The facility has been a hive of activity the last few months, as the company revamped its catalog for the holidays, part of a larger brand refresh. Nearly every aspect of the business happens here, from designing the lines to storing inventory in gigantic warehouses. In one basement, photographers are shooting product images for the website. In another section, designers play with denim, using a bank of washing machines filled with rocks and pebbles in a quest to achieve the perfect fade. In another building, a full-sized mock store is being adjusted, altered, and tested to determine the right way to merchandise the latest collection.

The models in the new catalog were actually photographed in Maine, but pretty much every other aspect of the company is dictated and controlled from this idyllic-looking campus in New Albany, a suburb of Columbus, Ohio. Why, of all the cities across the country, would a multinational fashion brand set down roots in the Rust Belt, in a town best known for Buckeyes football? A second-tier city in the Midwest can seem like a surprising choice until you examine just how deep Columbus’s retail influence runs.

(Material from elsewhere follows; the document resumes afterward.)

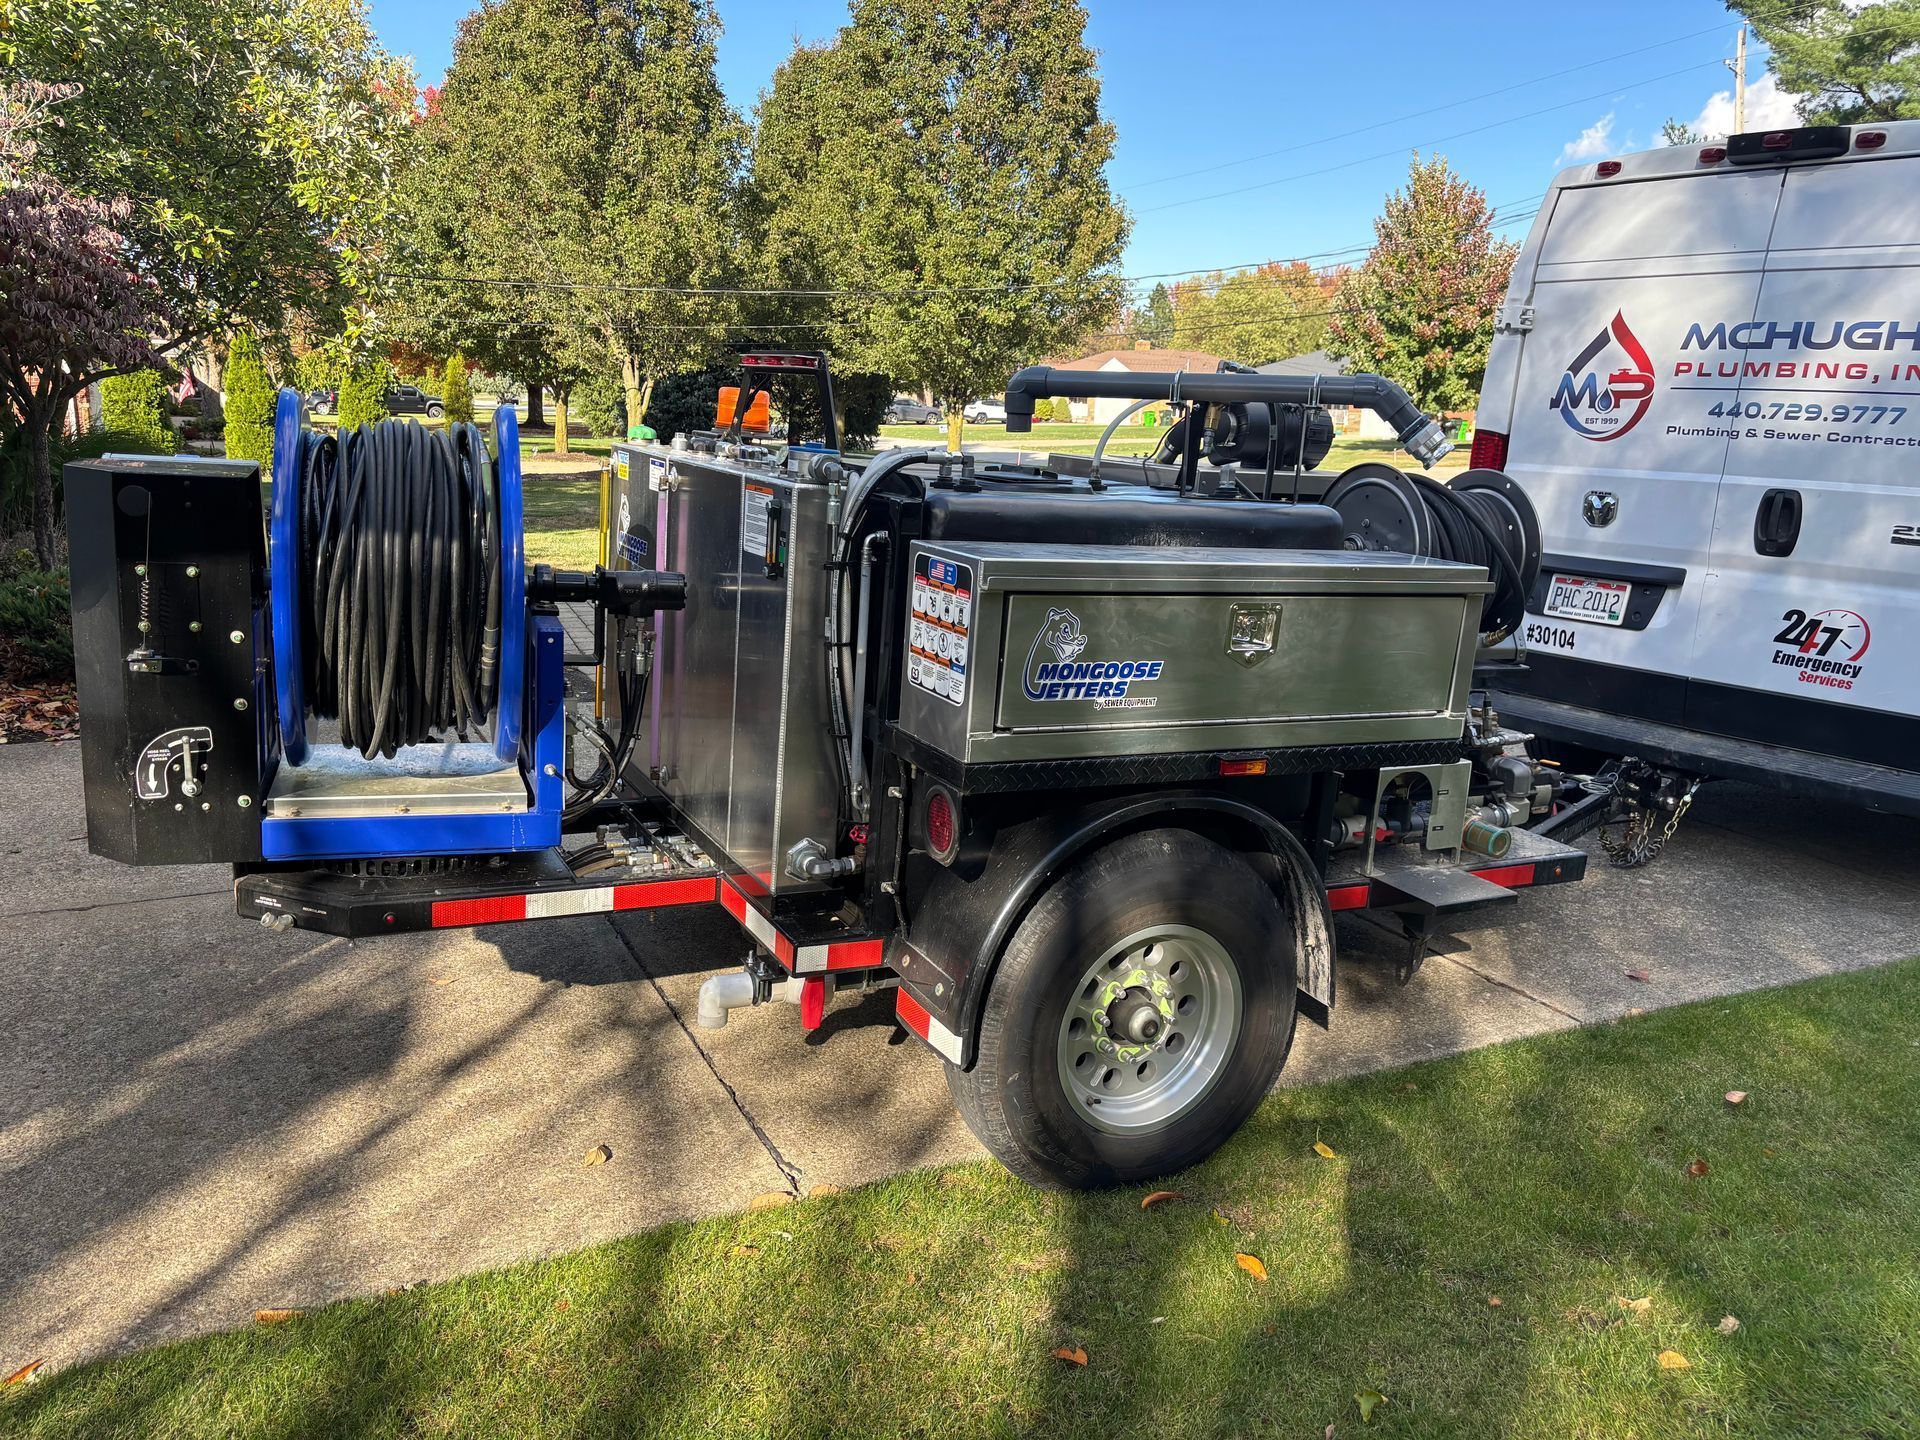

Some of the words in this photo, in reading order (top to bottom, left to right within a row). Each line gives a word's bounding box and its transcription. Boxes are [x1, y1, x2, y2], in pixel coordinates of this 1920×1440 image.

“We’re the middleman behind the industry,” says Kenny McDonald, president and CEO of Columbus 2020, the regional economic development agency. “For everything you need to do well in retail, there are people here who can do that. There’s a big Columbus footprint out there.”

Some of the country’s biggest brands are hometown companies: the Limited empire, now known as L Brands, which currently includes Bath & Body Works, Victoria’s Secret, and Henri Bendel (and used to include Abercrombie & Fitch and Express), as well as other mall giants like DSW. But it took a much-publicized 2012 study that noted the city and its surrounding area employed the third most fashion designers in the country (518), behind perennial powerhouses New York (6,825) and Los Angeles (3,641), to really get the city on the national radar.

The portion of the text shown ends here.